Wir wollen sicherlich nicht alle Leute in Europa aufnehmen. Flüchtlingsschutz soll überall auf der Welt möglich sein und nicht nur in Europa. Deswegen ist es wichtig, die Schutzsysteme in den Ländern der betroffenen Regionen zu unterstützen. Im Falle des Syrien-Konflikts etwa in Libanon, Jordanien oder der Türkei. Wenn es um Personen geht, die bereits in ein Europa sind, ist es wichtig, zwischen Schutzbedürftigen und solchen zu unterscheiden, die aus wirtschaftlichen Gründen gekommen sind.
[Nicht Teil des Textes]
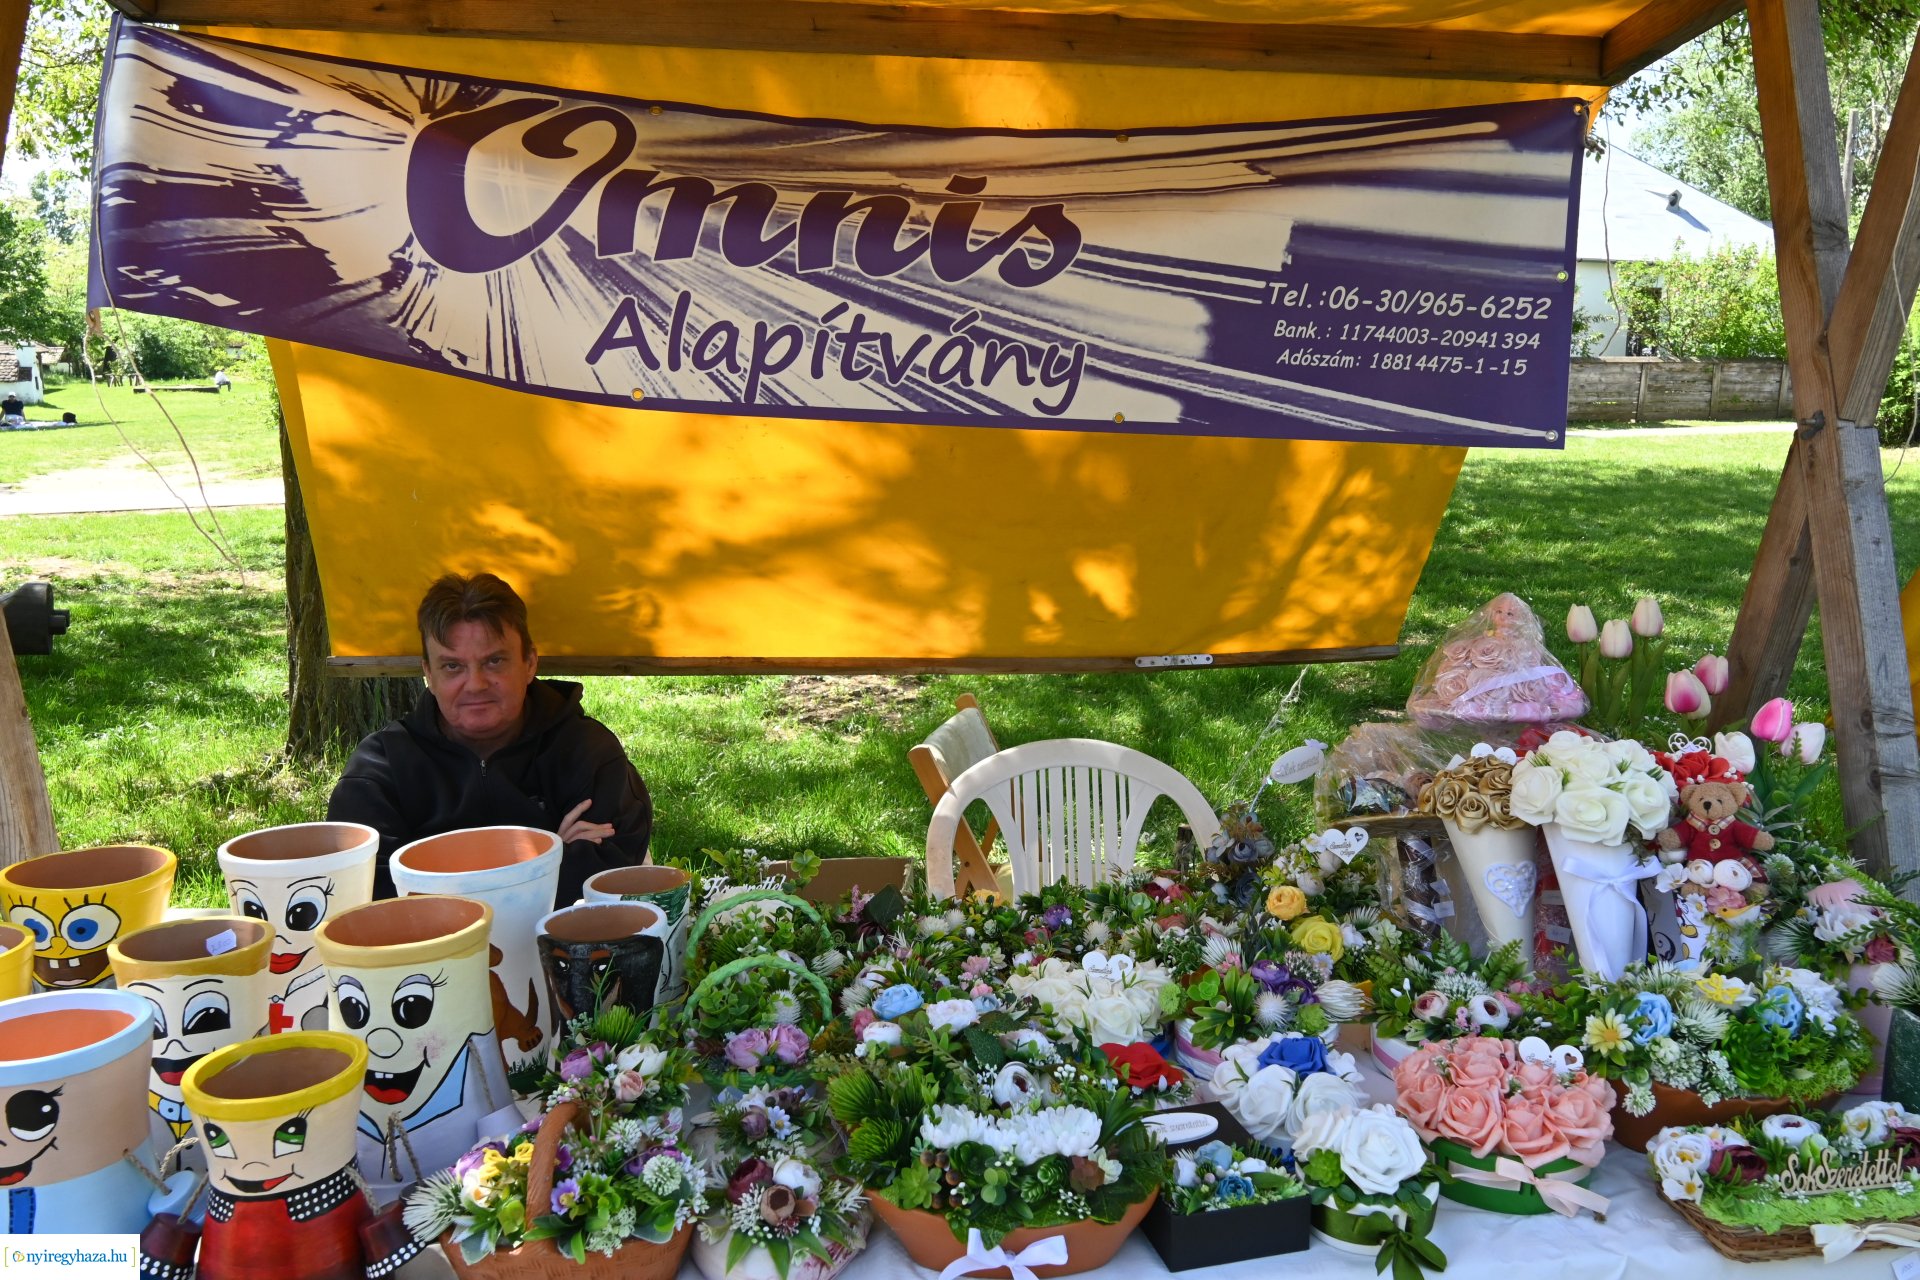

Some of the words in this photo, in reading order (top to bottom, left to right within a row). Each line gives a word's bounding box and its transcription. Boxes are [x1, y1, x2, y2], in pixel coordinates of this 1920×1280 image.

[406, 98, 1081, 287] Omnis
[586, 291, 1086, 415] Alapítvány
[1276, 348, 1361, 368] Adószám:
[1370, 352, 1528, 376] 18814475-1-15
[1340, 323, 1540, 349] 11744003-20941394
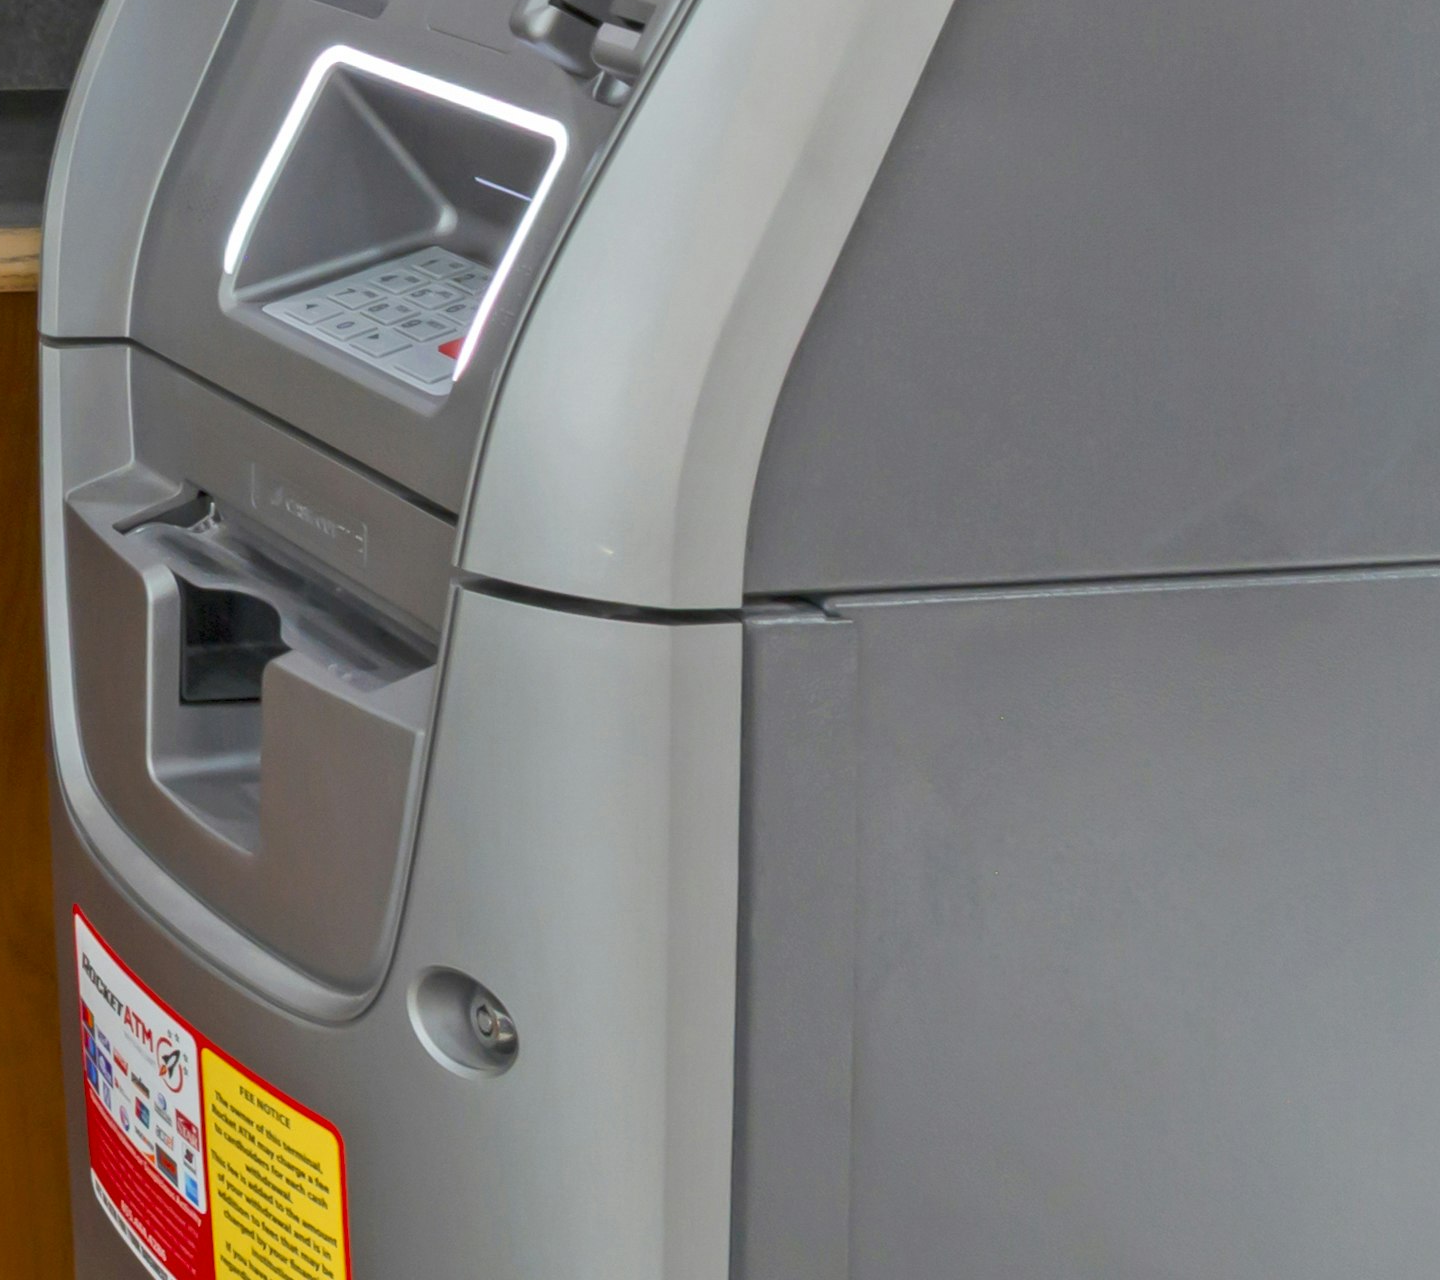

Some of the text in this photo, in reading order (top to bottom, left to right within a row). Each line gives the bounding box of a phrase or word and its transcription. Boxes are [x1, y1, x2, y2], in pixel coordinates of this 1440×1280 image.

Bei denjenigen, die schon in Europa sind, stellt sich die Frage: Welches Land nimmt wie viele von diesen Flüchtlingen auf? Dies scheint die wirkliche Knacknuss zu sein. Sehen Sie das auch so?
Ja. Hinter der Frage nach Quoten steht die Frage nach der innereuropäischen Solidarität und Zusammenarbeit. Hier sehen wir grossen Nachholbedarf. Nur einige wenige europäische Länder sind betroffen von der aktuellen Situation. Darunter sind Länder wie Italien und Griechenland, in denen die Flüchtlinge ankommen und dann eben ihre Hauptzielländer. Daneben gibt es aber viele Staaten, die sich unserer Meinung nicht genügend an den gemeinsamen Problemen beteiligen. Vor diesem Hintergrund ist der Vorschlag von Jean-Claude Juncker zu verstehen. Man muss sich überlegen, wie man besser zusammenarbeiten und den Flüchtlingsschutz in Europa gewährleisten kann.
Welche Chancen geben Sie Junckers Vorstoss in der Realpolitik?
Das ist eine gute Frage. Solche Vorschläge sind schon in der Vergangenheit immer wieder auf den Tisch gebracht worden. Bislang haben sie jedoch nie die Unterstützung von genügend Staaten gefunden. Wir sind skeptisch, ob solche Massnahmen der europäischen Solidarität dann auch die nötige Unterstützung bekommen.
Was kann der UNHCR dazu besteuern? Wie können Sie etwa den britischen Premier David Cameron überzeugen, der sagte, «wir schicken Schiffe, aber wir nehmen keinen einzigen Flüchtling mehr auf»?
Wir stehen in ständigem Dialog mit allen europäischen Staaten. Wir weisen auch immer wieder darauf hin, dass europäische Solidarität nicht nur den stark betroffenen Staaten hilft. Sie liegt im Interesse aller europäischen Staaten. Die EU-Staaten arbeiten schon seit langer Zeit an einem gemeinsamen europäischen Asylsystem. Hier gab es in den letzten 10 bis 15 Jahren enorme Fortschritte. Aber wir sind weit davon entfernt, ein wirklich gemeinsames System zu haben. Ein solches wäre aber zentral, um eine glaubwürdige Flüchtlingspolitik zu betreiben.
Das Gespräch führte Philippe Chappuis.